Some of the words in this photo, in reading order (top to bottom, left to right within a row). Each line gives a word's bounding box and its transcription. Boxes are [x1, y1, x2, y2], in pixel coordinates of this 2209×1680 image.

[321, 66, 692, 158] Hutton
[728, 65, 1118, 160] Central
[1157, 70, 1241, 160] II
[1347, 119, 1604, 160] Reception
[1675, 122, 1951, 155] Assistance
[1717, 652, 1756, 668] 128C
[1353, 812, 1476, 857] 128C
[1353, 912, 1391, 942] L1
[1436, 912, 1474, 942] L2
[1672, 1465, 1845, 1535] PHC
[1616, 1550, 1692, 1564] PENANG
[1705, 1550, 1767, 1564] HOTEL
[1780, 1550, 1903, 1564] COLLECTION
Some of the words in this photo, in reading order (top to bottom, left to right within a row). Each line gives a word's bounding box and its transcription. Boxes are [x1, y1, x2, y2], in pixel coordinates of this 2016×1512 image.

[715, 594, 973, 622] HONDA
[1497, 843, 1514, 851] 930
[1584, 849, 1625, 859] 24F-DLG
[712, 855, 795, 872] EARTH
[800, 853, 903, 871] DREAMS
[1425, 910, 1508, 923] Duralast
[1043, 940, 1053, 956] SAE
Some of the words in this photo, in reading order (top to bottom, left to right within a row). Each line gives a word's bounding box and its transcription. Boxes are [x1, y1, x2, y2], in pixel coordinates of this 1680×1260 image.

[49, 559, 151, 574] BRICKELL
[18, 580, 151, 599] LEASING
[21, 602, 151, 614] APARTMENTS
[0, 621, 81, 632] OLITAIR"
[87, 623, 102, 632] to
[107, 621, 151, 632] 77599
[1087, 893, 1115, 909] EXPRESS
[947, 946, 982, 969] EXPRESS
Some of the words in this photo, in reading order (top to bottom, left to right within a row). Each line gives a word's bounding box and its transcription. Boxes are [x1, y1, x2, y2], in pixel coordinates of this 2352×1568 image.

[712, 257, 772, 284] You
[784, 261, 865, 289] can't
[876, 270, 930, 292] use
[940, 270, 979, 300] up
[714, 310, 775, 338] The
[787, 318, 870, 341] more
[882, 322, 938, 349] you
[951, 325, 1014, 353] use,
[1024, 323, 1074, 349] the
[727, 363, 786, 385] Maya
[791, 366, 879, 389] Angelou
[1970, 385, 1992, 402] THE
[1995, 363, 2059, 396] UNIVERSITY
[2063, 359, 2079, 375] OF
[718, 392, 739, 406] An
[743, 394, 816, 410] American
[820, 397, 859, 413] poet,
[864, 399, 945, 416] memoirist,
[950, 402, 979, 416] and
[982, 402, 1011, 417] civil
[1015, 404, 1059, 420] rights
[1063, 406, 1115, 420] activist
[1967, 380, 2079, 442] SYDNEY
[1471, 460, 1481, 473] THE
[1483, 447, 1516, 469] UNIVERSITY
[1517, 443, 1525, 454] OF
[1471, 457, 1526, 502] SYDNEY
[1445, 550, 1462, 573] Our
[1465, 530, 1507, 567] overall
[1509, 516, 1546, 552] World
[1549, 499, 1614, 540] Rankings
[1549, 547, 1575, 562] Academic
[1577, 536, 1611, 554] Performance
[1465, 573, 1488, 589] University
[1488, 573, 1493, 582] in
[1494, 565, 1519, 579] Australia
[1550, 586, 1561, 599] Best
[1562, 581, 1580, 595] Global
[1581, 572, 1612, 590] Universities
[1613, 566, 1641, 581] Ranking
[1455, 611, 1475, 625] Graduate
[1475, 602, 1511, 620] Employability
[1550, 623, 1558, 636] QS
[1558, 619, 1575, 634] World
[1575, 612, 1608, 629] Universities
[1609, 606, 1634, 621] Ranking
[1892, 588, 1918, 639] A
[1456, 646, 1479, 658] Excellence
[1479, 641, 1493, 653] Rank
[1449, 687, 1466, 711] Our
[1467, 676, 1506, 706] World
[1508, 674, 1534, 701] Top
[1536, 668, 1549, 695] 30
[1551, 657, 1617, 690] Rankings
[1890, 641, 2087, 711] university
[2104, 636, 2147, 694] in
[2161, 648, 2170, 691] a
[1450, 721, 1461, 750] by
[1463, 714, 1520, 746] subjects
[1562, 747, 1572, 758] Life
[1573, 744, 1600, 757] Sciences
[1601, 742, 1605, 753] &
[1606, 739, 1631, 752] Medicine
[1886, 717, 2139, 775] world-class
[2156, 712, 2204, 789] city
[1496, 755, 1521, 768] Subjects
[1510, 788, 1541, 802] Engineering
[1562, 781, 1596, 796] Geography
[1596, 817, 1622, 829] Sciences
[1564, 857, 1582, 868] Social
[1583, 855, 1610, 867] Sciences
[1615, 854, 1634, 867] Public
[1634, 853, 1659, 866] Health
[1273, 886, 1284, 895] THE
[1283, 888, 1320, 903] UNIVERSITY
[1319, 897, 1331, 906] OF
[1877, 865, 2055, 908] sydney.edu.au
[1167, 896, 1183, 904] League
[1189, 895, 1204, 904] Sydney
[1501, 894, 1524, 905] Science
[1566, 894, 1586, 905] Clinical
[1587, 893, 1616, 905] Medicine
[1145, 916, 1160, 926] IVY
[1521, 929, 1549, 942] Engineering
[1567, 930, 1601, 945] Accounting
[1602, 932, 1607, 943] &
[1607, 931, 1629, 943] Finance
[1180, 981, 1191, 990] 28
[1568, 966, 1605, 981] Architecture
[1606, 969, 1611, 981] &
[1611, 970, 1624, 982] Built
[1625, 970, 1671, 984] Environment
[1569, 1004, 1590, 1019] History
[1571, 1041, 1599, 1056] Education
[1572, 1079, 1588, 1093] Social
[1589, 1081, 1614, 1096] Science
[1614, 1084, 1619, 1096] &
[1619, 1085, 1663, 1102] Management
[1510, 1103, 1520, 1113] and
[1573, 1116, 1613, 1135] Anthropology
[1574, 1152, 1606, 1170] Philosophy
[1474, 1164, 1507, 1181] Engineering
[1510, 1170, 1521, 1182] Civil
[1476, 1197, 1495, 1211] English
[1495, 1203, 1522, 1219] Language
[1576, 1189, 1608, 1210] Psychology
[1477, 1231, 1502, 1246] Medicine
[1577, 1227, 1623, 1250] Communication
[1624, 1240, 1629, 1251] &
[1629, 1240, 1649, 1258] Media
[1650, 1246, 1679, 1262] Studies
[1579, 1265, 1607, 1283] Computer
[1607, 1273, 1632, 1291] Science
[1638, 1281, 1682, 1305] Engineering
####################
Assignment: Repeat the data in full. Alter nothing.

Solution below:
Some of the words in this photo, in reading order (top to bottom, left to right within a row). Each line gives a word's bounding box and its transcription. Boxes are [x1, y1, x2, y2], in pixel coordinates of this 2209×1680 image.

[321, 66, 692, 158] Hutton
[728, 65, 1118, 160] Central
[1157, 70, 1241, 160] II
[1347, 119, 1604, 160] Reception
[1675, 122, 1951, 155] Assistance
[1717, 652, 1756, 668] 128C
[1353, 812, 1476, 857] 128C
[1353, 912, 1391, 942] L1
[1436, 912, 1474, 942] L2
[1672, 1465, 1845, 1535] PHC
[1616, 1550, 1692, 1564] PENANG
[1705, 1550, 1767, 1564] HOTEL
[1780, 1550, 1903, 1564] COLLECTION
Some of the words in this photo, in reading order (top to bottom, left to right within a row). Each line gives a word's bounding box and its transcription. Boxes are [x1, y1, x2, y2], in pixel coordinates of this 2016×1512 image.

[715, 594, 973, 622] HONDA
[1497, 843, 1514, 851] 930
[1584, 849, 1625, 859] 24F-DLG
[712, 855, 795, 872] EARTH
[800, 853, 903, 871] DREAMS
[1425, 910, 1508, 923] Duralast
[1043, 940, 1053, 956] SAE
Some of the words in this photo, in reading order (top to bottom, left to right within a row). Each line gives a word's bounding box and its transcription. Boxes are [x1, y1, x2, y2], in pixel coordinates of this 1680×1260 image.

[49, 559, 151, 574] BRICKELL
[18, 580, 151, 599] LEASING
[21, 602, 151, 614] APARTMENTS
[0, 621, 81, 632] OLITAIR"
[87, 623, 102, 632] to
[107, 621, 151, 632] 77599
[1087, 893, 1115, 909] EXPRESS
[947, 946, 982, 969] EXPRESS
Some of the words in this photo, in reading order (top to bottom, left to right within a row). Each line gives a word's bounding box and its transcription. Boxes are [x1, y1, x2, y2], in pixel coordinates of this 2352×1568 image.

[712, 257, 772, 284] You
[784, 261, 865, 289] can't
[876, 270, 930, 292] use
[940, 270, 979, 300] up
[714, 310, 775, 338] The
[787, 318, 870, 341] more
[882, 322, 938, 349] you
[951, 325, 1014, 353] use,
[1024, 323, 1074, 349] the
[727, 363, 786, 385] Maya
[791, 366, 879, 389] Angelou
[1970, 385, 1992, 402] THE
[1995, 363, 2059, 396] UNIVERSITY
[2063, 359, 2079, 375] OF
[718, 392, 739, 406] An
[743, 394, 816, 410] American
[820, 397, 859, 413] poet,
[864, 399, 945, 416] memoirist,
[950, 402, 979, 416] and
[982, 402, 1011, 417] civil
[1015, 404, 1059, 420] rights
[1063, 406, 1115, 420] activist
[1967, 380, 2079, 442] SYDNEY
[1471, 460, 1481, 473] THE
[1483, 447, 1516, 469] UNIVERSITY
[1517, 443, 1525, 454] OF
[1471, 457, 1526, 502] SYDNEY
[1445, 550, 1462, 573] Our
[1465, 530, 1507, 567] overall
[1509, 516, 1546, 552] World
[1549, 499, 1614, 540] Rankings
[1549, 547, 1575, 562] Academic
[1577, 536, 1611, 554] Performance
[1465, 573, 1488, 589] University
[1488, 573, 1493, 582] in
[1494, 565, 1519, 579] Australia
[1550, 586, 1561, 599] Best
[1562, 581, 1580, 595] Global
[1581, 572, 1612, 590] Universities
[1613, 566, 1641, 581] Ranking
[1455, 611, 1475, 625] Graduate
[1475, 602, 1511, 620] Employability
[1550, 623, 1558, 636] QS
[1558, 619, 1575, 634] World
[1575, 612, 1608, 629] Universities
[1609, 606, 1634, 621] Ranking
[1892, 588, 1918, 639] A
[1456, 646, 1479, 658] Excellence
[1479, 641, 1493, 653] Rank
[1449, 687, 1466, 711] Our
[1467, 676, 1506, 706] World
[1508, 674, 1534, 701] Top
[1536, 668, 1549, 695] 30
[1551, 657, 1617, 690] Rankings
[1890, 641, 2087, 711] university
[2104, 636, 2147, 694] in
[2161, 648, 2170, 691] a
[1450, 721, 1461, 750] by
[1463, 714, 1520, 746] subjects
[1562, 747, 1572, 758] Life
[1573, 744, 1600, 757] Sciences
[1601, 742, 1605, 753] &
[1606, 739, 1631, 752] Medicine
[1886, 717, 2139, 775] world-class
[2156, 712, 2204, 789] city
[1496, 755, 1521, 768] Subjects
[1510, 788, 1541, 802] Engineering
[1562, 781, 1596, 796] Geography
[1596, 817, 1622, 829] Sciences
[1564, 857, 1582, 868] Social
[1583, 855, 1610, 867] Sciences
[1615, 854, 1634, 867] Public
[1634, 853, 1659, 866] Health
[1273, 886, 1284, 895] THE
[1283, 888, 1320, 903] UNIVERSITY
[1319, 897, 1331, 906] OF
[1877, 865, 2055, 908] sydney.edu.au
[1167, 896, 1183, 904] League
[1189, 895, 1204, 904] Sydney
[1501, 894, 1524, 905] Science
[1566, 894, 1586, 905] Clinical
[1587, 893, 1616, 905] Medicine
[1145, 916, 1160, 926] IVY
[1521, 929, 1549, 942] Engineering
[1567, 930, 1601, 945] Accounting
[1602, 932, 1607, 943] &
[1607, 931, 1629, 943] Finance
[1180, 981, 1191, 990] 28
[1568, 966, 1605, 981] Architecture
[1606, 969, 1611, 981] &
[1611, 970, 1624, 982] Built
[1625, 970, 1671, 984] Environment
[1569, 1004, 1590, 1019] History
[1571, 1041, 1599, 1056] Education
[1572, 1079, 1588, 1093] Social
[1589, 1081, 1614, 1096] Science
[1614, 1084, 1619, 1096] &
[1619, 1085, 1663, 1102] Management
[1510, 1103, 1520, 1113] and
[1573, 1116, 1613, 1135] Anthropology
[1574, 1152, 1606, 1170] Philosophy
[1474, 1164, 1507, 1181] Engineering
[1510, 1170, 1521, 1182] Civil
[1476, 1197, 1495, 1211] English
[1495, 1203, 1522, 1219] Language
[1576, 1189, 1608, 1210] Psychology
[1477, 1231, 1502, 1246] Medicine
[1577, 1227, 1623, 1250] Communication
[1624, 1240, 1629, 1251] &
[1629, 1240, 1649, 1258] Media
[1650, 1246, 1679, 1262] Studies
[1579, 1265, 1607, 1283] Computer
[1607, 1273, 1632, 1291] Science
[1638, 1281, 1682, 1305] Engineering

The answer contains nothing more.